3. En deuxième lieu, d'une part, l'article L. 423-23 du code de l'entrée et du séjour des étrangers et du droit d'asile, applicable aux ressortissants marocains en vertu de l'article 9 de l'accord franco-marocain, dispose que : " L'étranger ne vivant pas en état de polygamie, qui n'entre pas dans les catégories prévues aux articles L. 423-1, L. 423-7, L. 423-14, L. 423-15, L. 423-21 et L. 423-22 ou dans celles qui ouvrent droit au regroupement familial, et qui dispose de liens personnels et familiaux en France tels que le refus d'autoriser son séjour porterait à son droit au respect de sa vie privée et familiale une atteinte disproportionnée au regard des motifs du refus, se voit délivrer une carte de séjour temporaire portant la mention " vie privée et familiale " d'une durée d'un an, sans que soit opposable la condition prévue à l'article L. 412-1. Les liens mentionnés au premier alinéa sont appréciés notamment au regard de leur intensité, de leur ancienneté et de leur stabilité, des conditions d'existence de l'étranger, de son insertion dans la société française ainsi que de la nature de ses liens avec sa famille restée dans son pays d'origine. L'insertion de l'étranger dans la société française est évaluée en tenant compte notamment de sa connaissance des valeurs de la République ". L'article L. 412-1 du même code dispose que : " (...) la première délivrance d'une carte de séjour temporaire (...) est subordonnée à la production par l'étranger du visa de long séjour (...) ".

4. D'autre part, aux termes de l'article 8 de la convention européenne de sauvegarde des droits de l'homme et des libertés fondamentales : " 1. Toute personne a droit au respect de sa vie privée et familiale, de son domicile et de sa correspondance. 2. Il ne peut y avoir ingérence d'une autorité publique dans l'exercice de ce droit que pour autant que cette ingérence est prévue par la loi et qu'elle constitue une mesure qui, dans une société démocratique, est nécessaire à la sécurité nationale, à la sûreté publique, au bien-être économique du pays, à la défense de l'ordre et à la prévention des infractions pénales, à la protection de la santé ou de la morale, ou à la protection des droits et libertés d'autrui (...) ".

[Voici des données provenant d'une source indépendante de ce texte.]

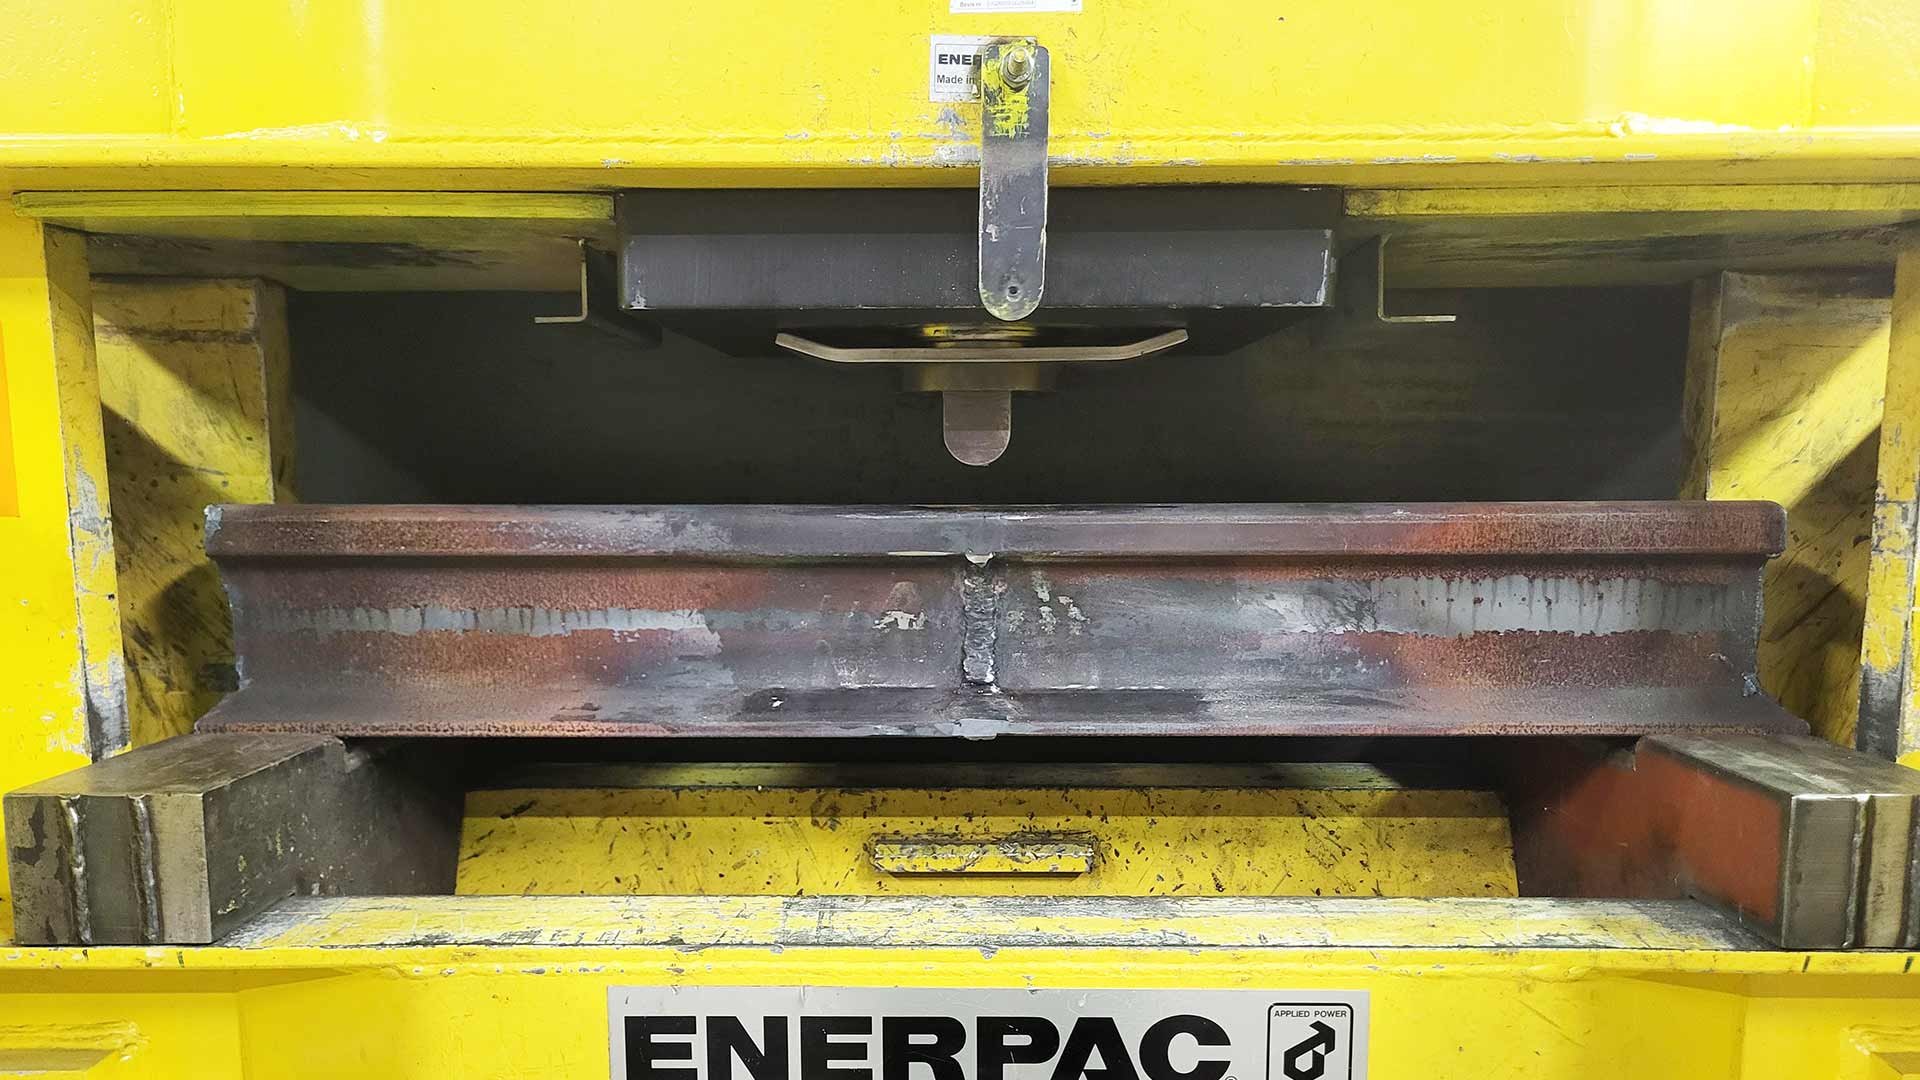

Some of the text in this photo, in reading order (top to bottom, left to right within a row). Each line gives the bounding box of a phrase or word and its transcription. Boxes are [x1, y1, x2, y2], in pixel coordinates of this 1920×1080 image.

[937, 74, 975, 84] Made in
[1274, 1010, 1347, 1018] APPLIED POWER
[624, 1014, 1231, 1080] ENERPAC

5. Il est constant que Mme B... a sollicité la délivrance d'un titre de séjour, non pas en qualité d'ascendante à charge, mais sur le seul fondement de l'article L. 423-23 du code de l'entrée et du séjour des étrangers et du droit d'asile. Il résulte de ces dispositions que, contrairement à ce qu'a retenu le préfet de la Côte-d'Or en indiquant, pour rejeter cette demande, qu'il appartenait à celle-ci de " retourner dans son pays d'origine afin de solliciter un visa de long séjour ", la délivrance du titre de séjour ainsi sollicité par Mme B... n'était pas subordonnée à la présentation d'un tel visa. Par suite, et ainsi que l'ont retenu les premiers juges, Mme B... est fondée à soutenir que le préfet de la Côte-d'Or a entaché sa décision d'une erreur de droit.

6. Toutefois, comme indiqué au point 2 du présent arrêt, le préfet de la Côte-d'Or s'est également fondé, pour rejeter la demande de Mme B..., sur l'absence d'atteinte disproportionnée à son droit au respect de sa vie privée et familiale eu égard à " l'intensité, la stabilité et l'ancienneté de ses liens personnels (...) ainsi que ses conditions d'existence en France ".

7. Il ressort des pièces du dossier que Mme B..., ressortissante marocaine née en 1947, est entrée en France au cours du mois d'octobre 2020, accompagnée de son époux, qui s'y trouve également en situation irrégulière depuis. A la date de la décision litigieuse, elle résidait ainsi depuis moins d'un an sur le territoire français, après avoir vécu jusqu'à l'âge de soixante-treize ans dans son pays d'origine. Si elle invoque son état de santé et celui de son époux, il ne résulte pas des certificats médicaux produits que les époux ne pourraient être pris en charge médicalement en cas de retour dans leur pays d'origine. Par suite, la présence de deux de leurs enfants majeurs en France, dont ils ont précédemment vécu séparés, de même que le décès d'autres membres de leur famille, ne sont pas de nature à établir que le refus de titre de séjour litigieux porte une atteinte disproportionnée à leur droit au respect de leur vie privée et familiale, ainsi que l'a retenu le préfet de la Côte-d'Or.

8. Il résulte de l'instruction que le préfet de la Côte-d'Or aurait pris la même décision s'il s'était fondé sur ce seul motif.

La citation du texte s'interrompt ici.